Whether we are Christian or not, we all understand the effect of our reputation. If we are known to be cruel business dealers, people won’t do business with us. If we are known to be honorable and fair, our business will flourish. The same is true for our faith and our Churches.
Brethren, you became imitators of us and of the Lord, for you received the word in much affliction, with joy inspired by the Holy Spirit; so that you became an example to all the believers in Macedonia and in Achaia. For not only has the word of the Lord sounded forth from you in Macedonia and Achaia, but your faith in God has gone forth everywhere, so that we need not say anything. For they themselves report concerning us what a welcome we had among you, and how you turned to God from idols, to serve a living and true God, and to wait for his Son from heaven, whom he raised from the dead, Jesus who delivers us from the wrath to come.1st Thessalonians 1:6-10
The reputation of the Thessalonian Christians was positive. Their reputation had gone out to various regions and inspired others to believe in Christ. Everywhere you turned, people said good things about them. Saint Paul was very proud to be their teacher.

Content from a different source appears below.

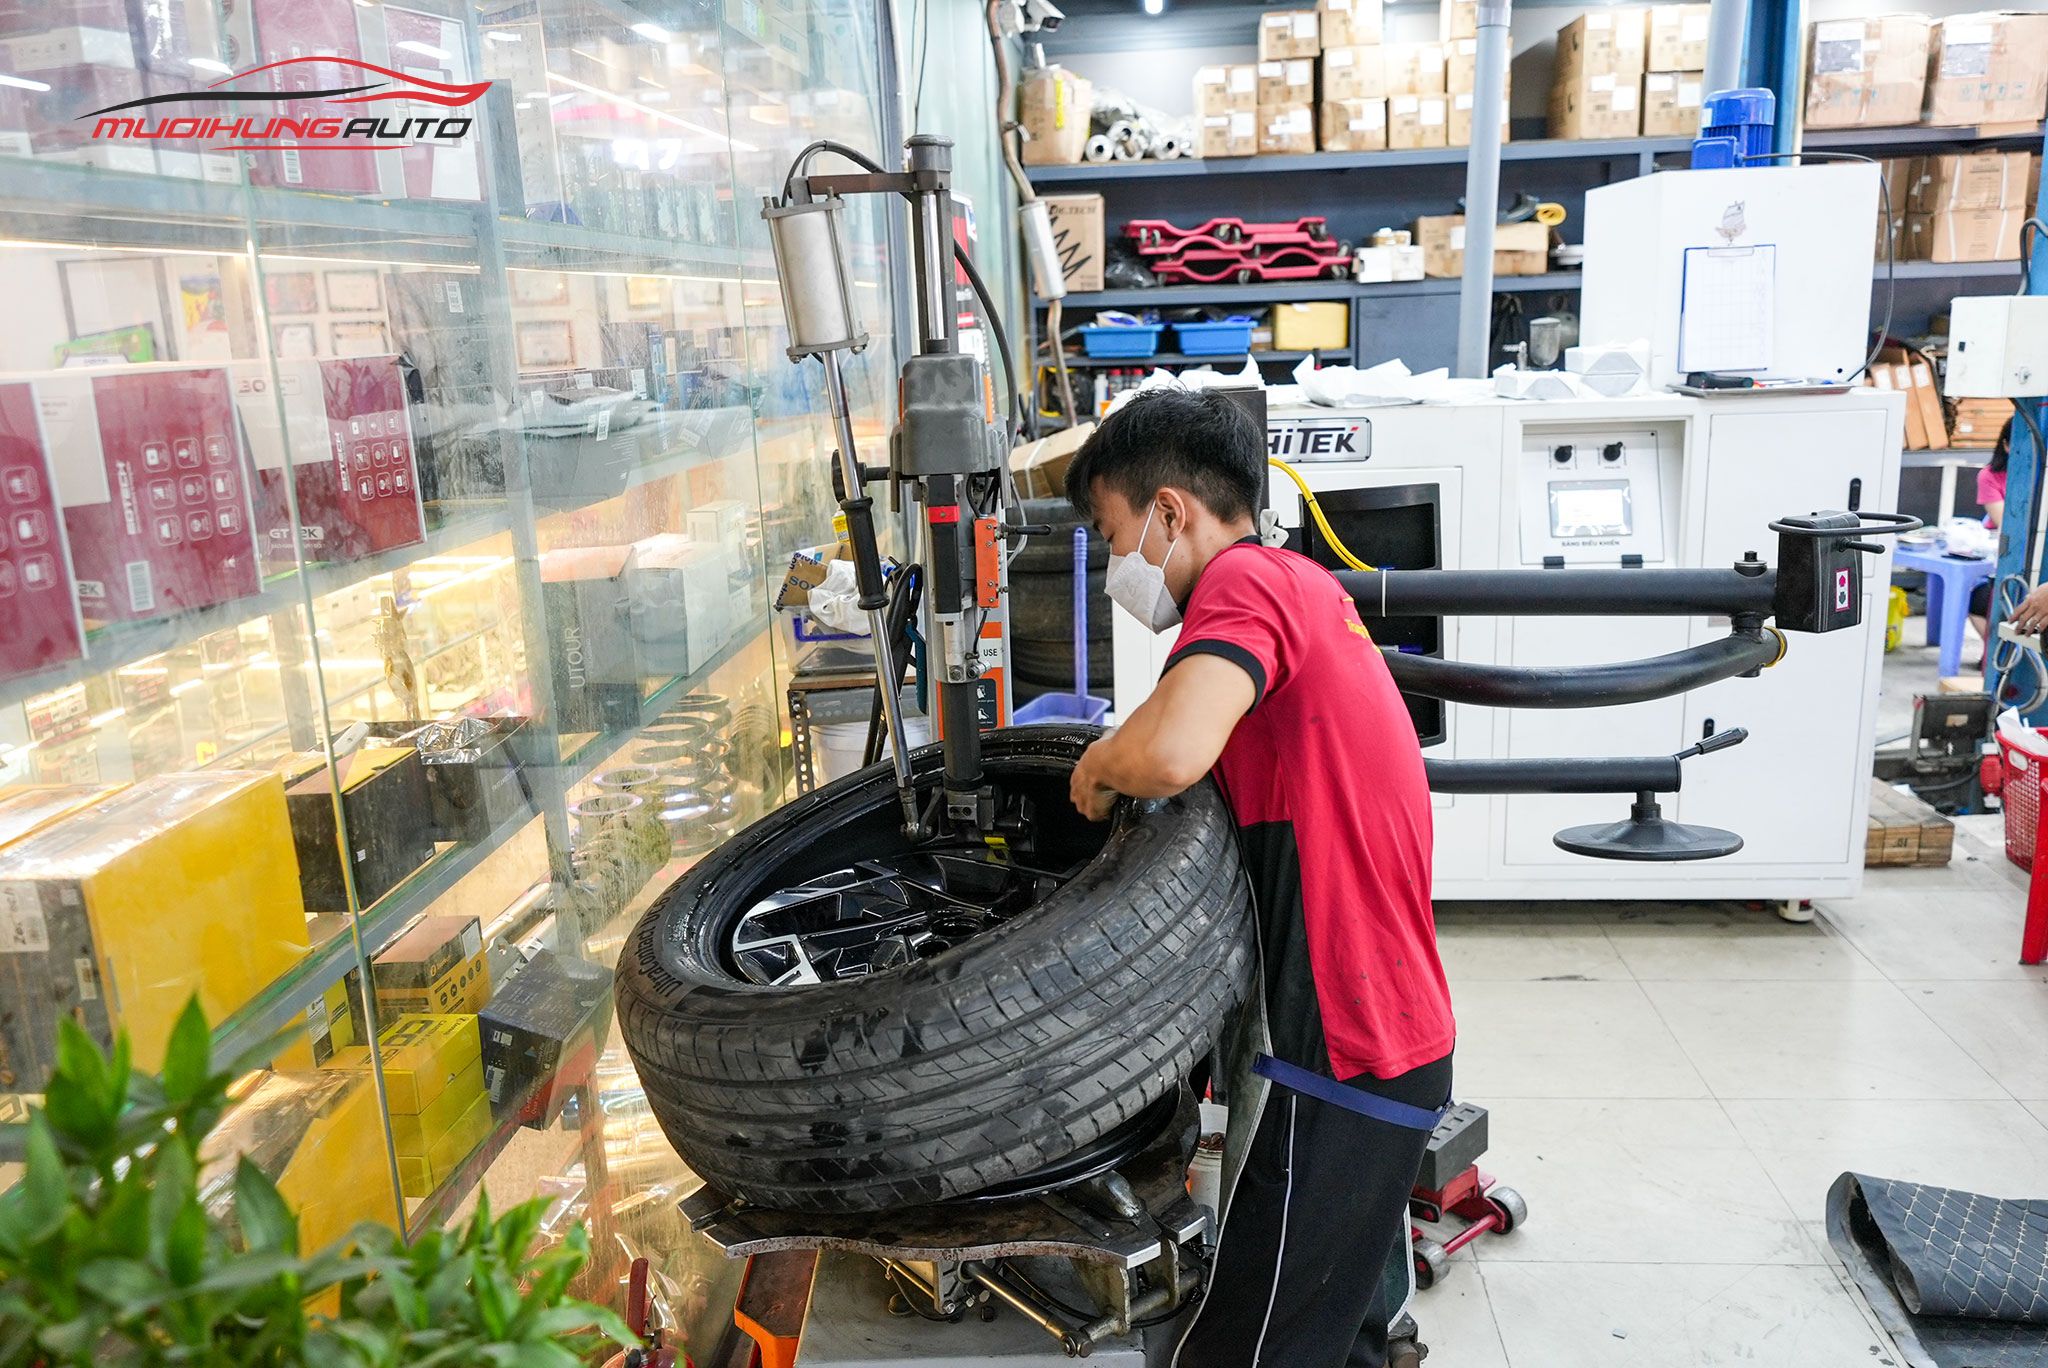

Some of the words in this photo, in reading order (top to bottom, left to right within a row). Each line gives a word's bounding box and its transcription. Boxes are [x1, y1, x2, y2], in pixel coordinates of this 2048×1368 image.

[565, 627, 585, 687] UTOUR
[983, 648, 998, 657] USE
[634, 925, 684, 998] UltraContact

Have you wondered what reputation you have beyond your home? Are you known to be a fair and honorable Christian? Do others use your name to inspire others to follow Christ? You may not even want this burden, but no matter what your reputation is as a Christian, you cannot escape it. Instead of trying to escape your reputation, try changing it. If you are thought of as a hypocrite because you say one thing and do another, you have the power to change.
Of course, there are always two sides to every story. Chances are pretty good that some people will do their best to tarnish your reputation. In those cases, act with grace and mercy toward them. The way you respond will either confirm or reject the false reputation that has spread about you. The calendar of saints is filled with those who had ‘a bad name’ among the nonbelievers.
The Thessalonians were not perfect Christians. If they were, Saint Paul wouldn’t have had reason to write to them as he did. When it comes to have a good Christian reputation, it isn’t about being perfect. It is about love and repentance.
Allow the good reputation of the Thessalonians inspire you to a life of love and repentance. Become imitators of them, as they imitated Saint Paul, who imitated Christ.